#### RECORDS PROVIDED
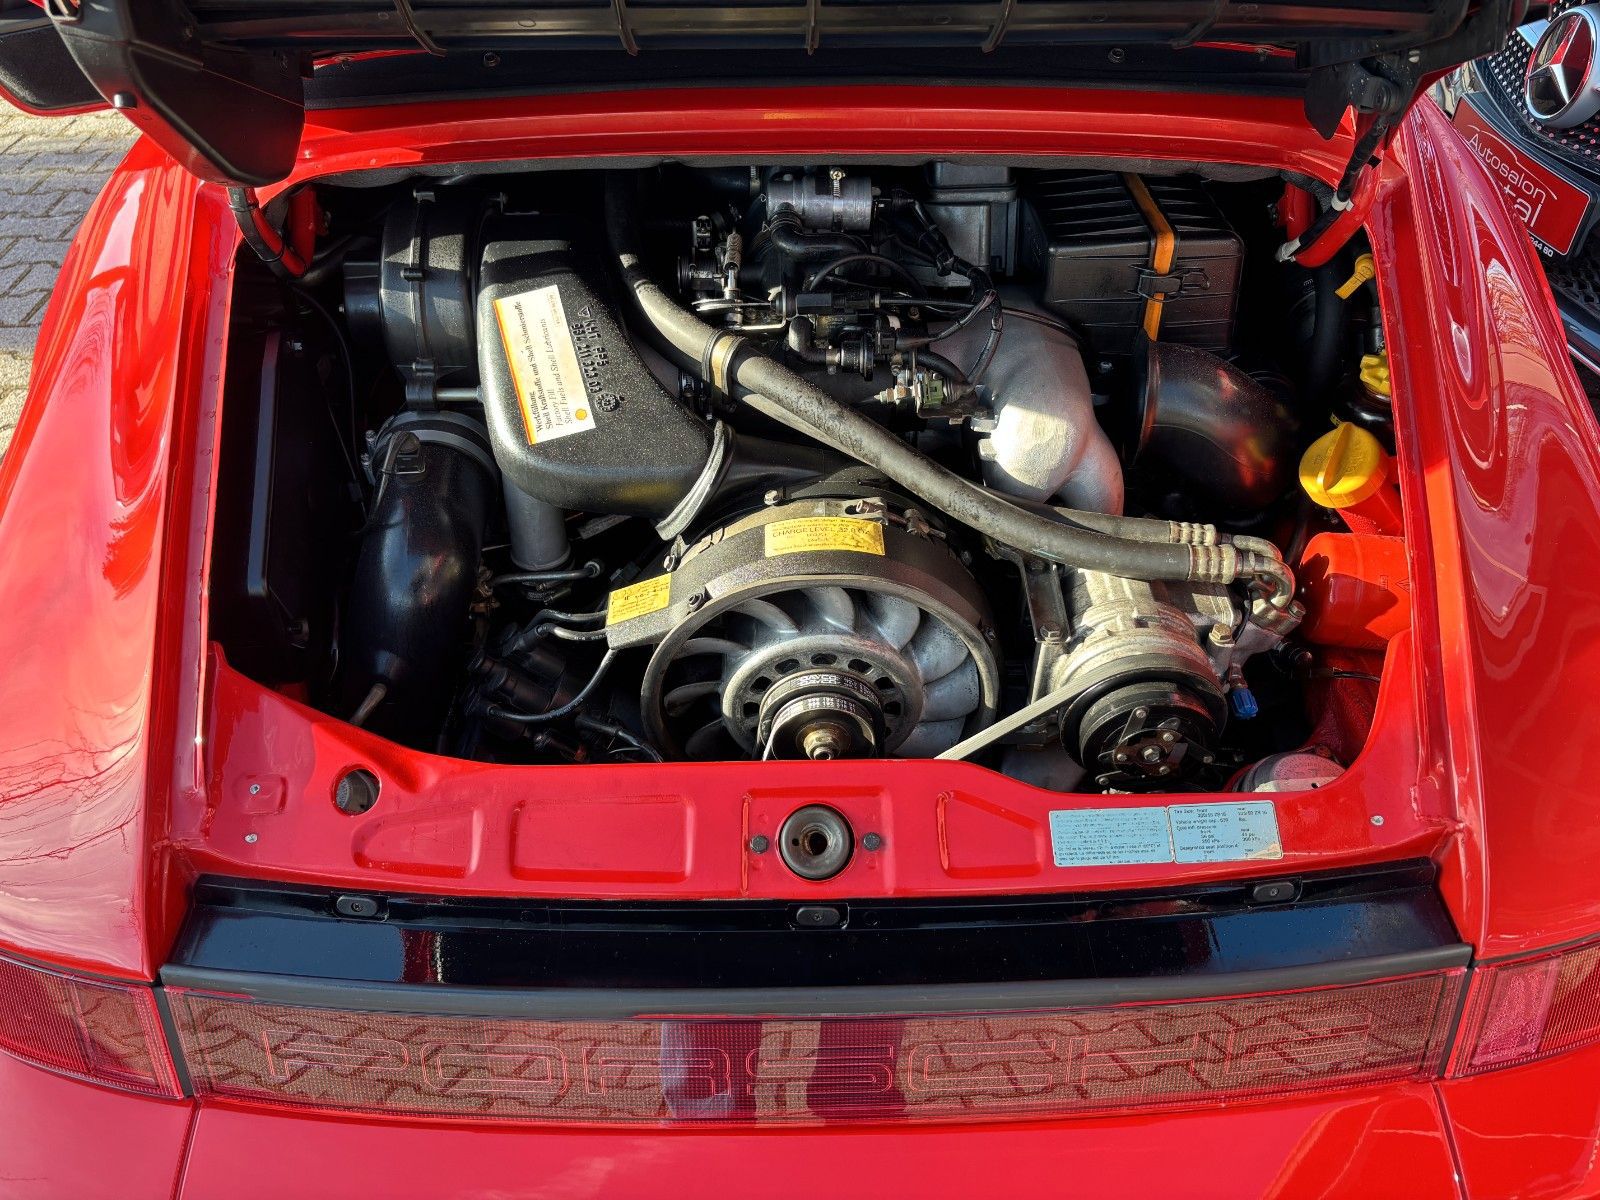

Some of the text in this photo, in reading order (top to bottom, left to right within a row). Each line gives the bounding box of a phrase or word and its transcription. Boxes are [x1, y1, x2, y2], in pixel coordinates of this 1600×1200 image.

[1468, 134, 1546, 203] Autosalon
[527, 344, 536, 362] Shell
[531, 362, 540, 377] und
[549, 354, 559, 372] Shell
[535, 376, 549, 411] Kraftstoffe
[558, 387, 568, 406] Fuels
[544, 411, 554, 430] Shell
[552, 400, 564, 427] Factory
[564, 406, 573, 425] Shell
[263, 1012, 1371, 1096] PORSCHE
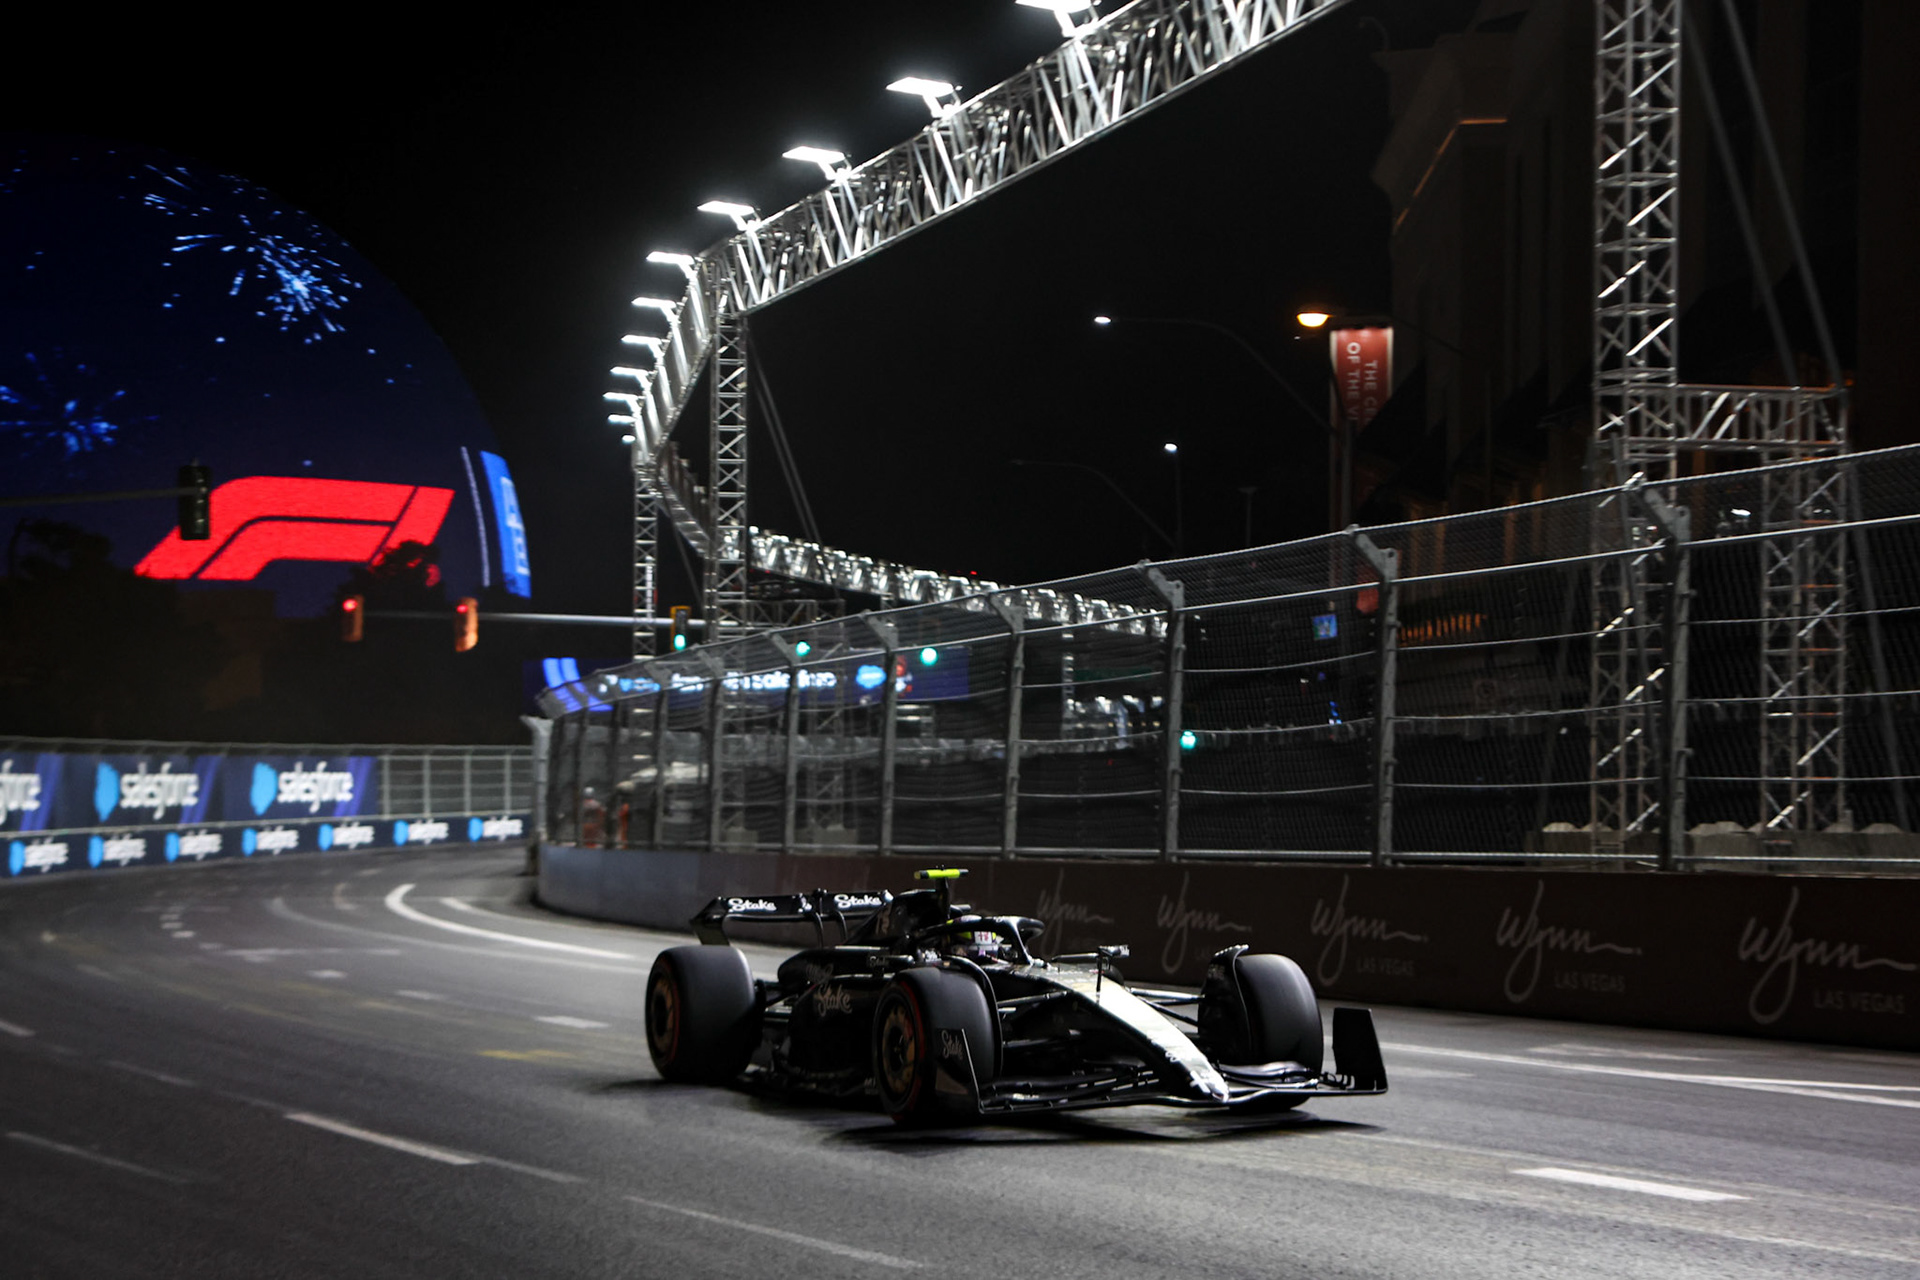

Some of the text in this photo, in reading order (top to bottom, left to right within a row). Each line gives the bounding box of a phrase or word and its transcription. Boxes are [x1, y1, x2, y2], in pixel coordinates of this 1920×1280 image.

[1346, 341, 1361, 364] OF
[1347, 368, 1360, 399] THE
[1364, 359, 1378, 390] THE
[728, 897, 777, 913] Stake
[834, 894, 882, 908] Stake
[1310, 873, 1429, 986] Wynn
[1496, 879, 1642, 1004] Wynn
[1737, 885, 1920, 1026] Wynn
[1554, 970, 1626, 993] LAS VEGAS
[817, 983, 854, 1017] Stake
[1813, 989, 1844, 1009] LAS
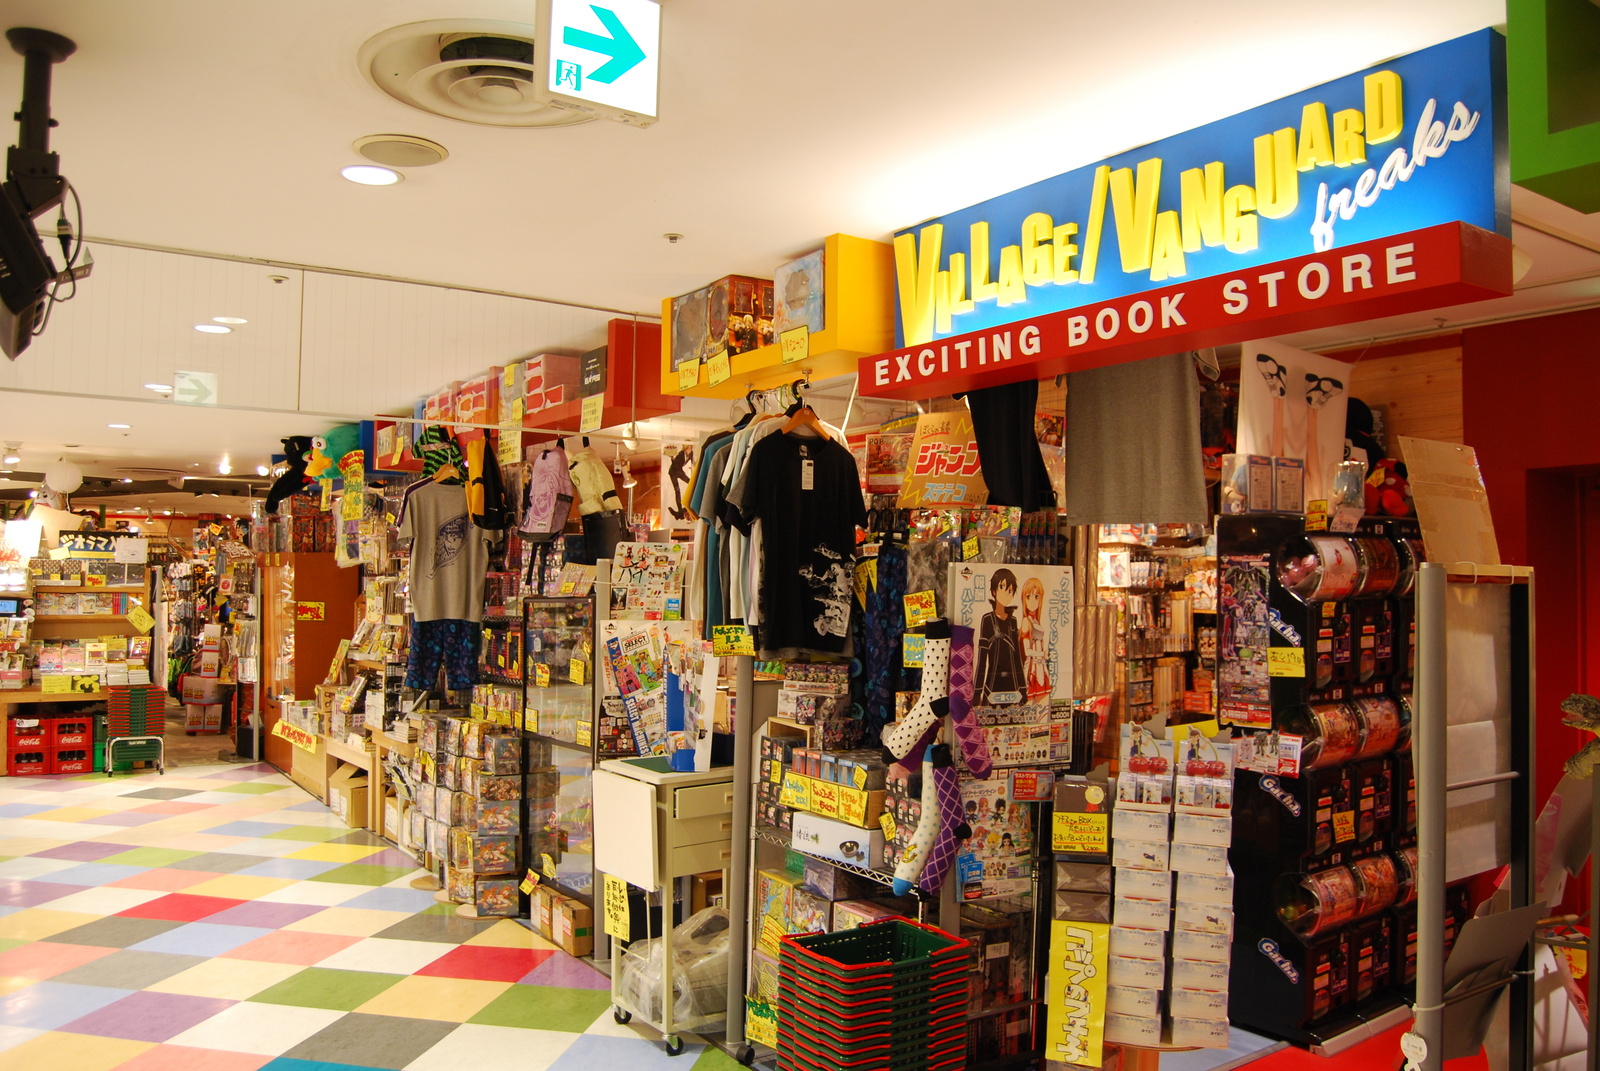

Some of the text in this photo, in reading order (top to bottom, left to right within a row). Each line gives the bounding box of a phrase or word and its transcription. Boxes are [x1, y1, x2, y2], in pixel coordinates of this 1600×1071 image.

[1309, 98, 1480, 249] freaks
[873, 242, 1418, 387] EXCITING BOOK STORE
[624, 636, 647, 649] SELECT
[1060, 577, 1070, 626] クエスト

#### WORK TO BE COMPLETED
Your output should be the lines from the one with "this 1920×1280 image." through the end of the listing, copied exactly and with the pictures left out.

#### THE ANSWER
Some of the text in this photo, in reading order (top to bottom, left to right within a row). Each line gives the bounding box of a phrase or word and its transcription. Boxes are [x1, y1, x2, y2], in pixel coordinates of this 1920×1280 image.

[1346, 341, 1361, 364] OF
[1347, 368, 1360, 399] THE
[1364, 359, 1378, 390] THE
[728, 897, 777, 913] Stake
[834, 894, 882, 908] Stake
[1310, 873, 1429, 986] Wynn
[1496, 879, 1642, 1004] Wynn
[1737, 885, 1920, 1026] Wynn
[1554, 970, 1626, 993] LAS VEGAS
[817, 983, 854, 1017] Stake
[1813, 989, 1844, 1009] LAS

Some of the text in this photo, in reading order (top to bottom, left to right within a row). Each line gives the bounding box of a phrase or word and its transcription. Boxes are [x1, y1, x2, y2], in pixel coordinates of this 1600×1071 image.

[1309, 98, 1480, 249] freaks
[873, 242, 1418, 387] EXCITING BOOK STORE
[624, 636, 647, 649] SELECT
[1060, 577, 1070, 626] クエスト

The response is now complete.